If the colonial boundaries represented one misapplied sub type of the French model, then the small states of central and southeastern Europe represented another. The prolonged existence of multicultural empires (Habsburg, Ottoman and Russian) shaped by dynastic interests delayed into the twentieth century the shift from historic to ethno-linguistic (national) frontiers with dire consequences. By this time internal migration, colonization, forced resettlement had created a kaleidoscope of peoples who could not be neatly compartmentalized by drawing linear frontiers. By this time too the French model had been redefined by the United States. President Wilson's published war aims, the so-called Fourteen Points, drove the concept of national frontiers to the reductio ad absurdum of its French logic. In fact, the French statesman Georges Clemenceau rejected his own offspring in the name of security. So the postwar boundaries of Europe remained in most cases frontier zones cutting through communities with utter disregard for their ethno-linguistic unity.
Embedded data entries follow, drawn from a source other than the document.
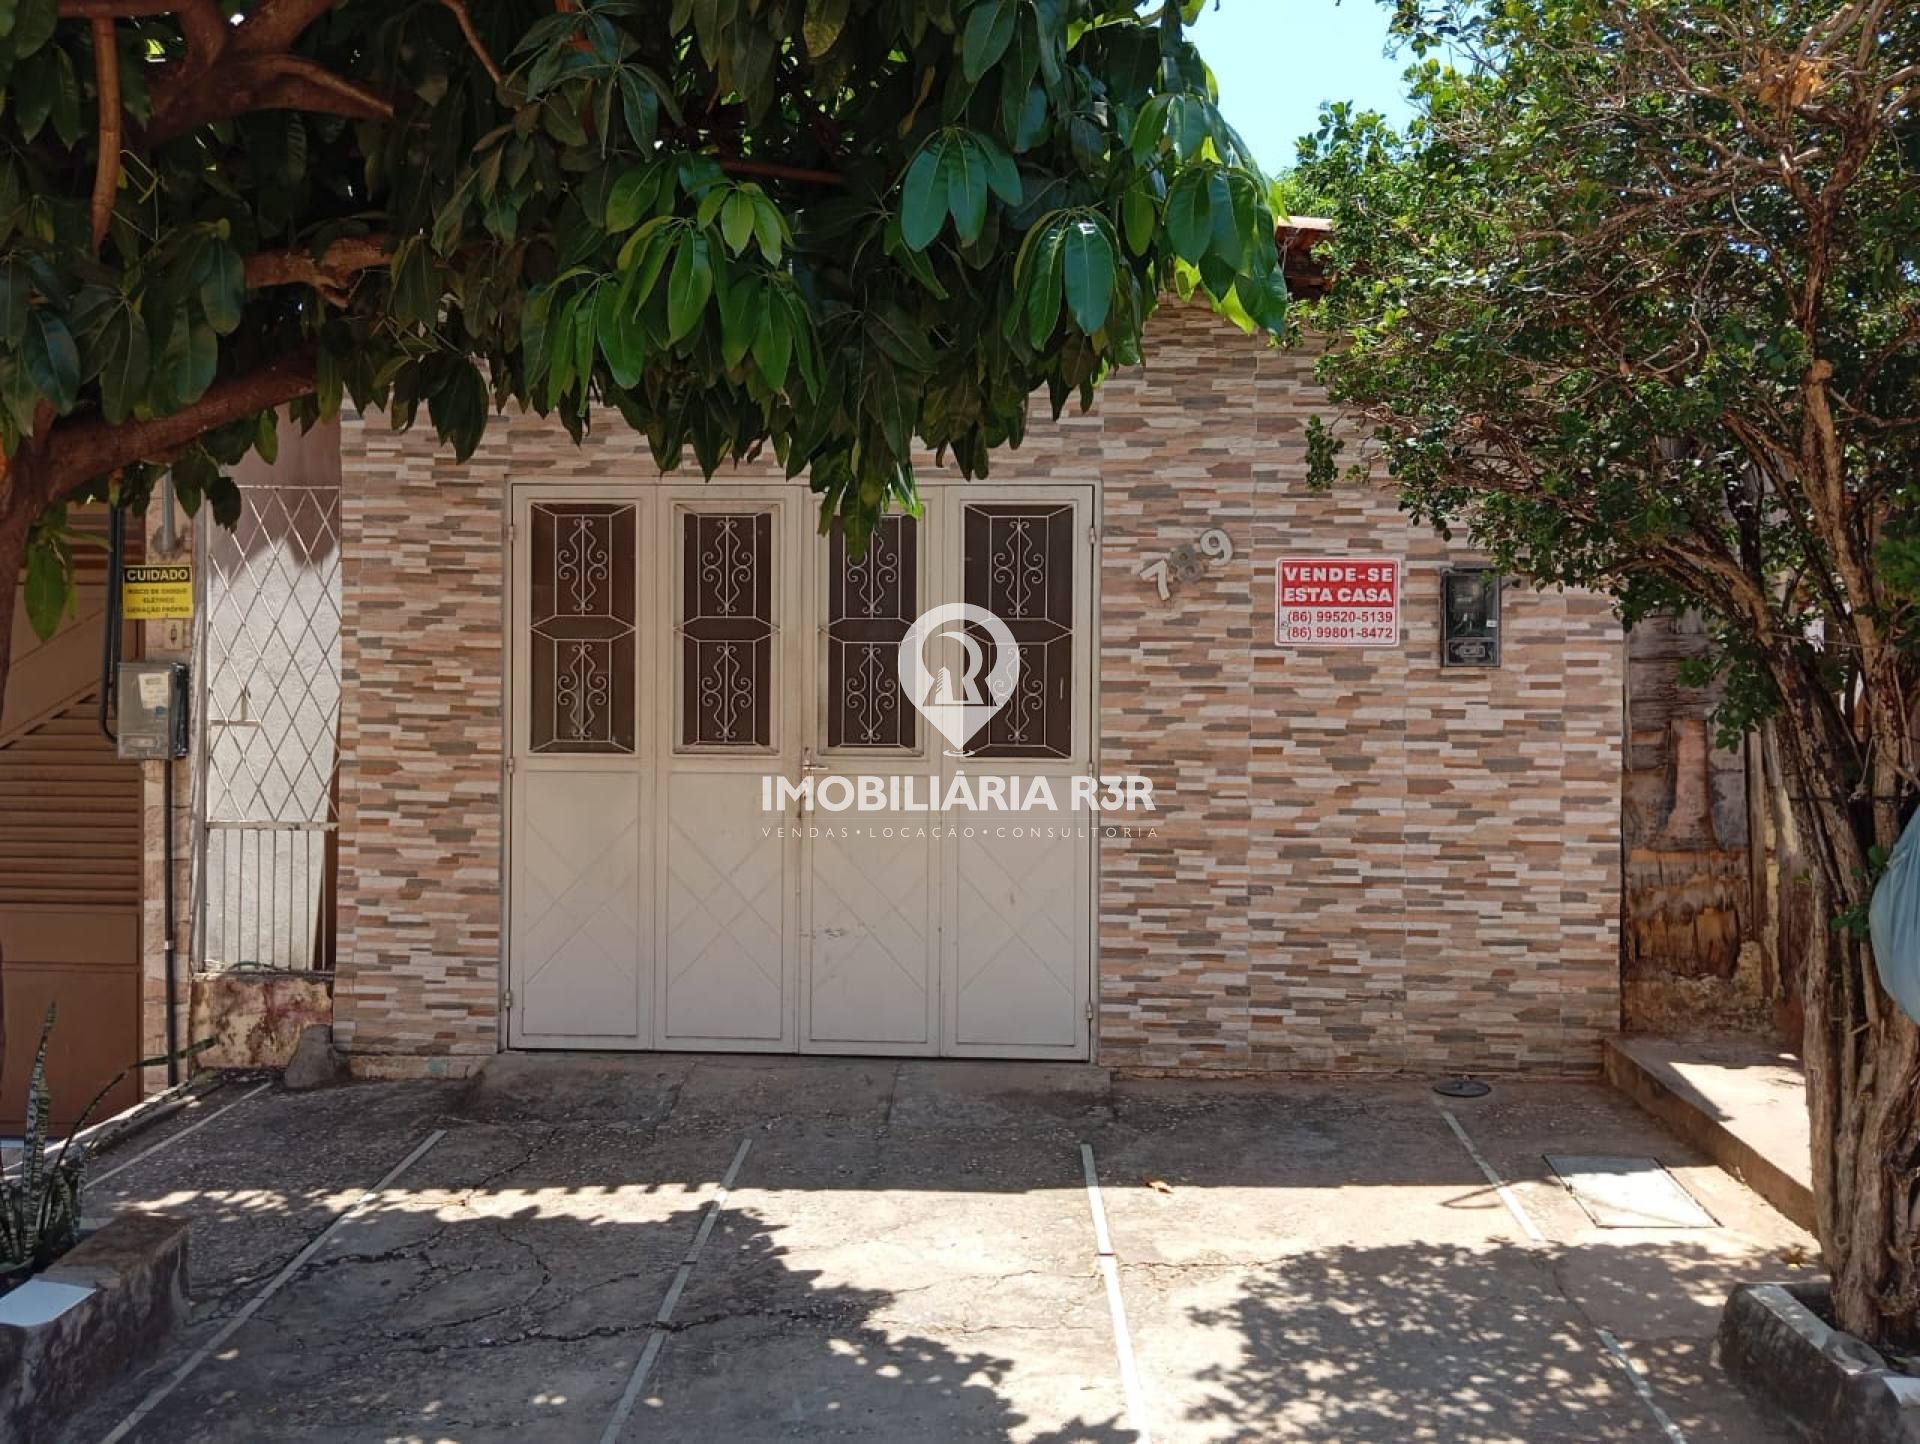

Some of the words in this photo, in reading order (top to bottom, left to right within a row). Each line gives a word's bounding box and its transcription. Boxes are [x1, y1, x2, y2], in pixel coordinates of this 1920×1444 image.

[126, 569, 188, 581] CUIDADO
[1283, 567, 1393, 583] VENDE-SE
[1283, 587, 1333, 602] ESTA
[1337, 587, 1393, 602] CASA
[1288, 611, 1312, 624] (86)
[1316, 611, 1393, 623] 99520-5139
[1288, 627, 1312, 640] (86)
[1316, 627, 1393, 639] 99801-8472
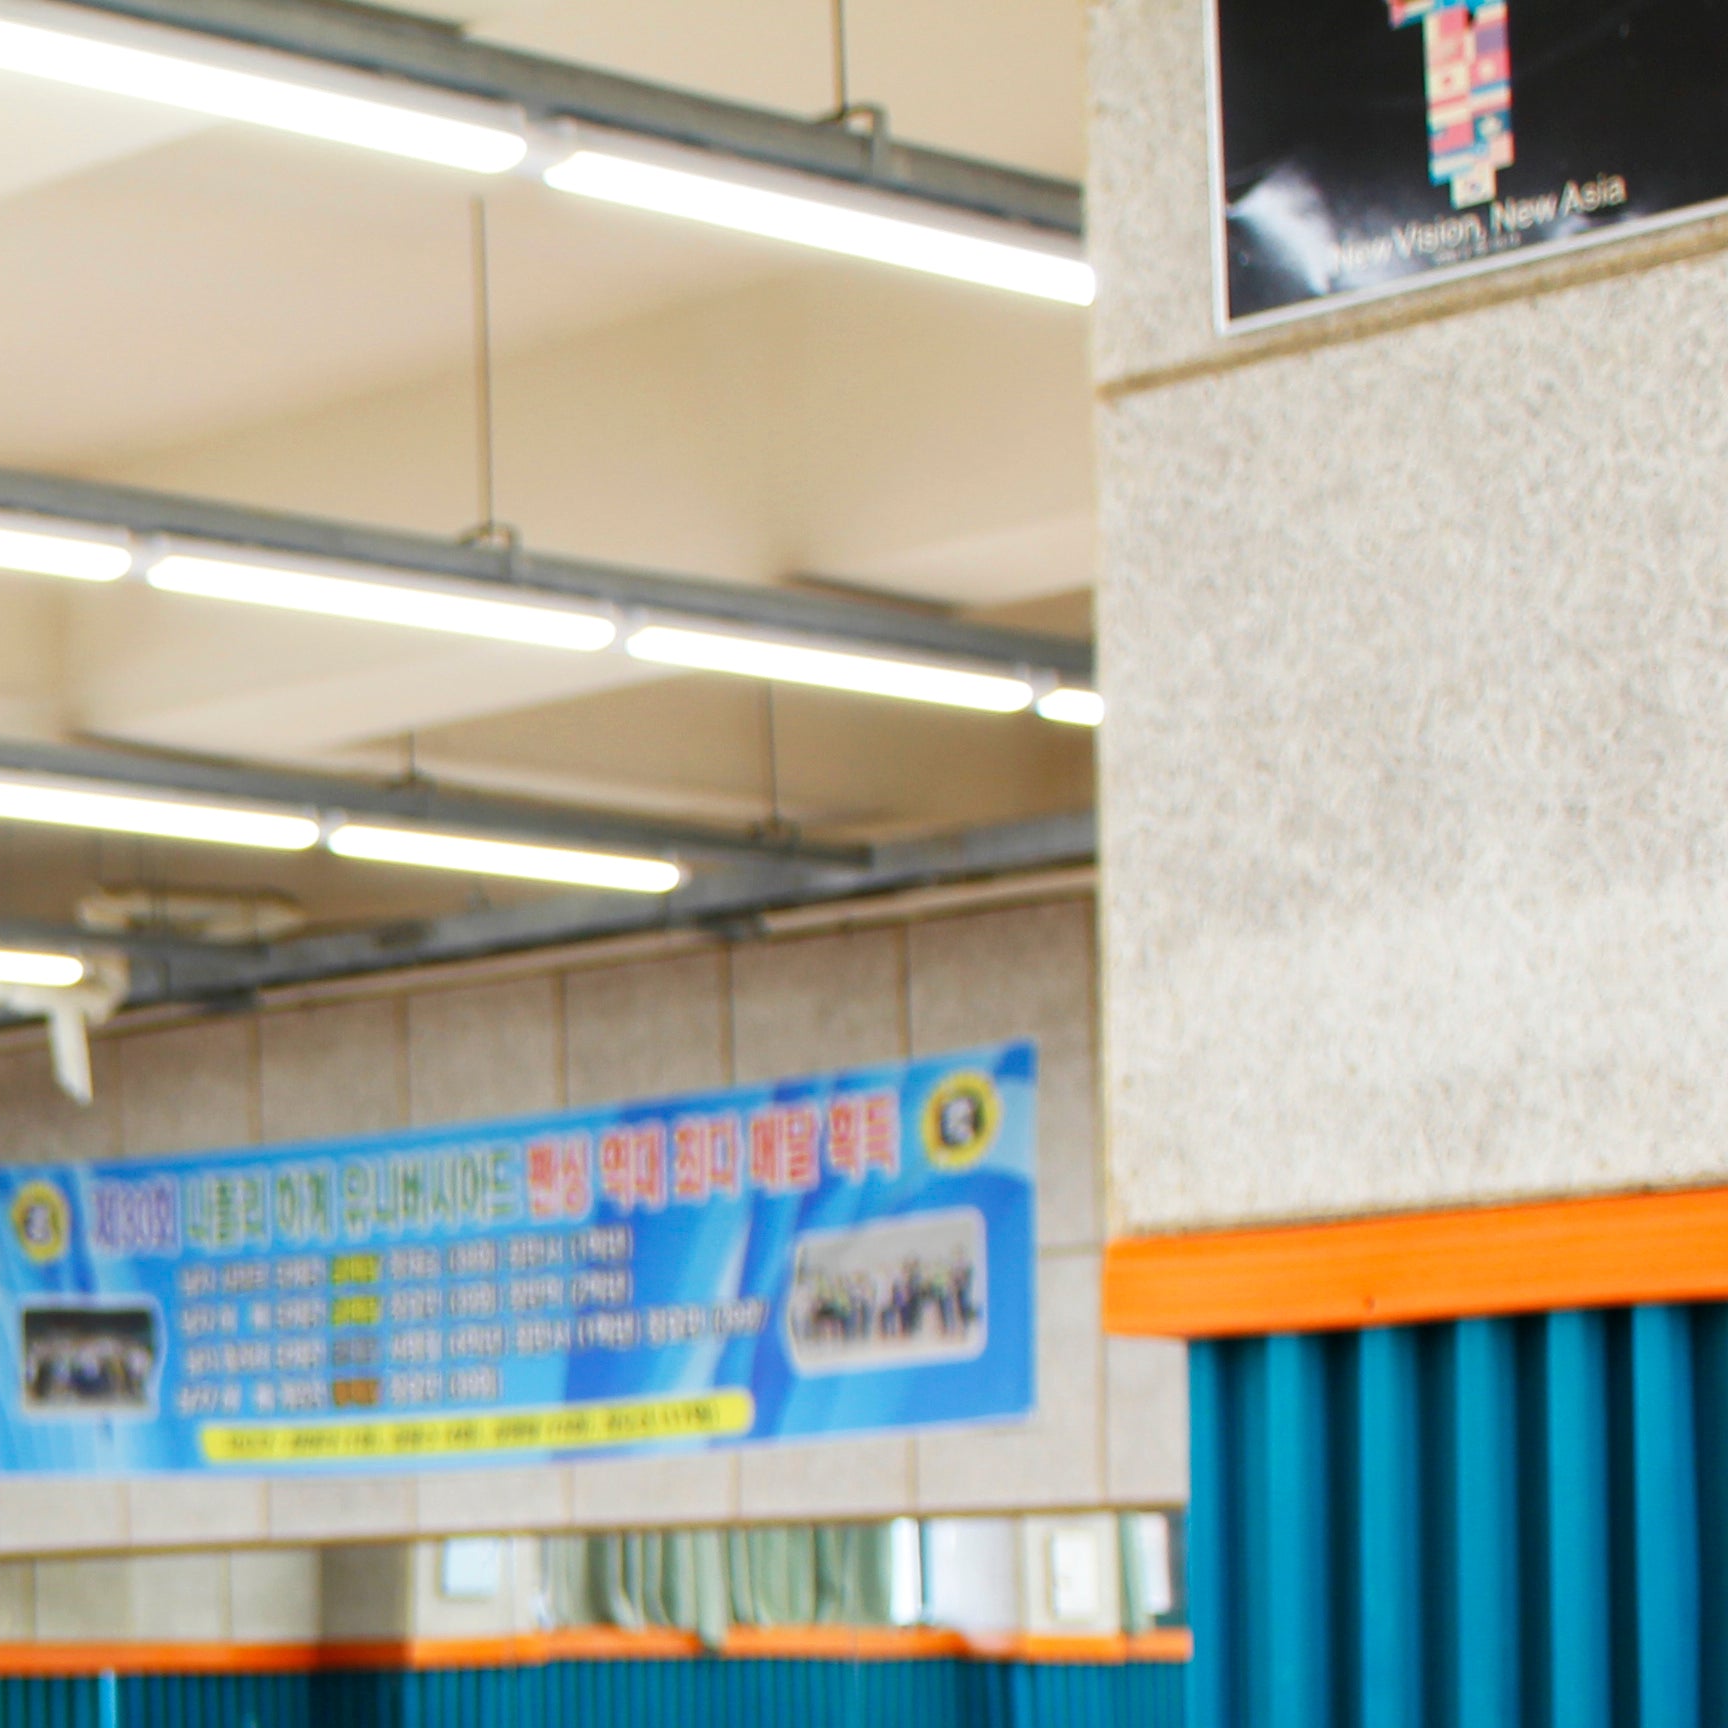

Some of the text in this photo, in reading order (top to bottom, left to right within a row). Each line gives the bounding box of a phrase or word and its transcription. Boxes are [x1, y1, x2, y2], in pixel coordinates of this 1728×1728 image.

[1490, 194, 1558, 235] New
[1558, 172, 1627, 217] Asia
[342, 1142, 520, 1238] 유니버시아드
[526, 1134, 592, 1221] 펜싱
[673, 1113, 742, 1204] 최다
[748, 1103, 820, 1195] 메달
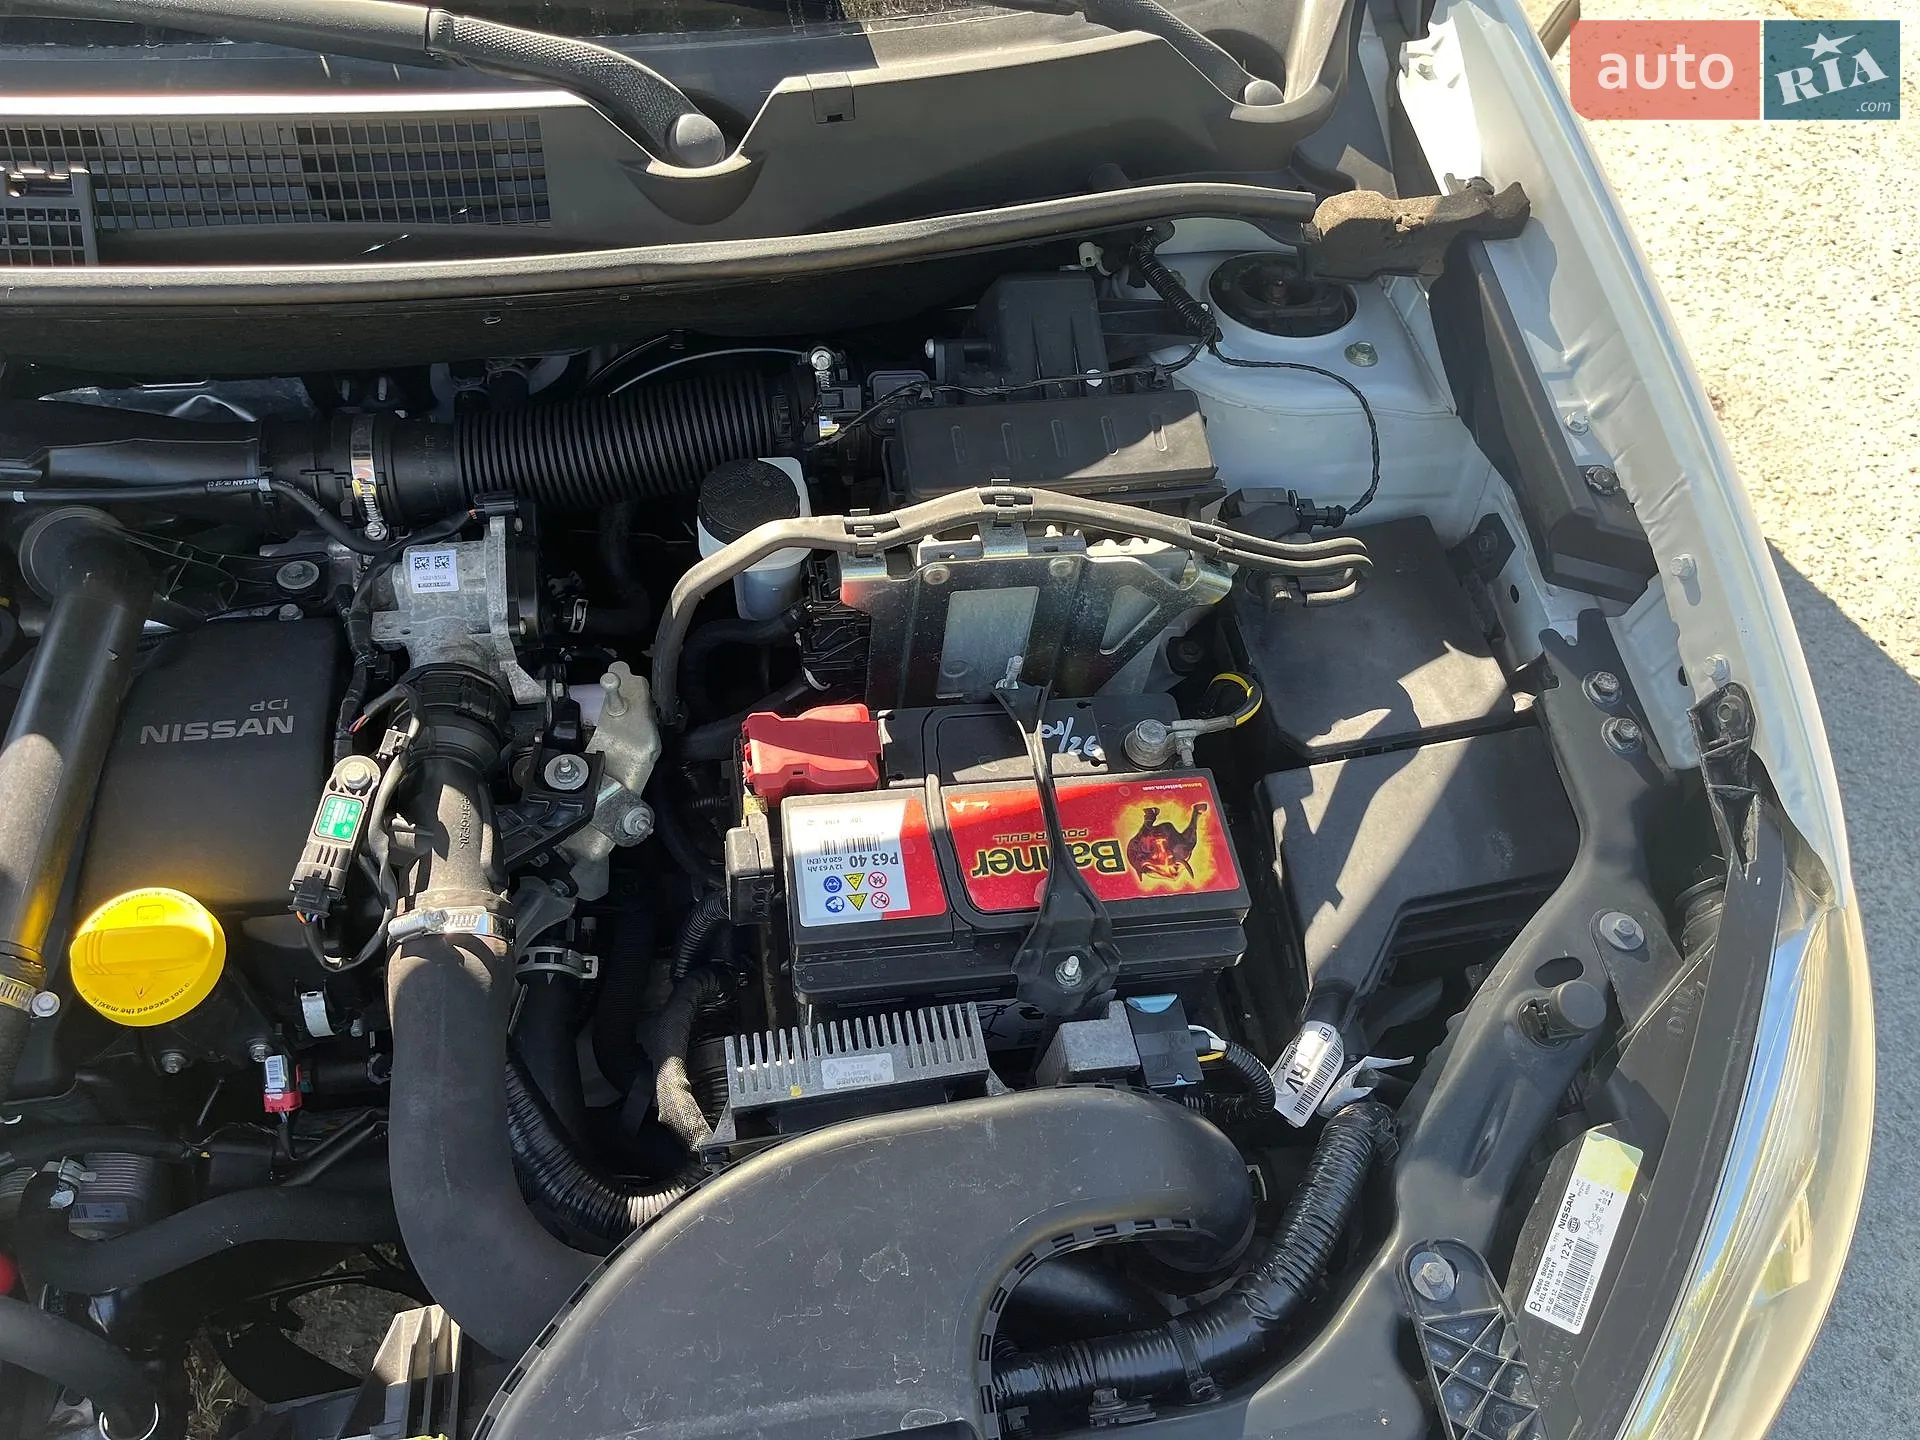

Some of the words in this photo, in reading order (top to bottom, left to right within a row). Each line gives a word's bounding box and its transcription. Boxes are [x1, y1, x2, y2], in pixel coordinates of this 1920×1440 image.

Similarly, redrawing the map of southeastern Europe as the Ottoman Empire gradually receded and finally together with the Habsburg Monarch collapsed in war and revolution was a cartographic nightmare. From the emergence of an autonomous Serbia and Greece in the early decades of the nineteenth century the results took the form of a series of unhappy compromises between the conflicting interests of the great powers and the aspiration of the subjugated peoples. The latter were striving not only for independence but also for frontiers based on historicist claims. In other words the wars of national liberation turned out to be something more than that. In most cases the formerly oppressed nationalities sought to emulate the structures of the very empires that had been their principled purpose to destroy. Throughout the nineteenth century and first half of the twentieth century claims were advanced for a Greater Serbia (and realized in the original form of the Kingdom of Serbs, Croats and Slovenes), Greater Croatia, Greater Romania, Greater Hungary, Greater Bulgaria and Greater Greece, claims that were mutually irreconcilable.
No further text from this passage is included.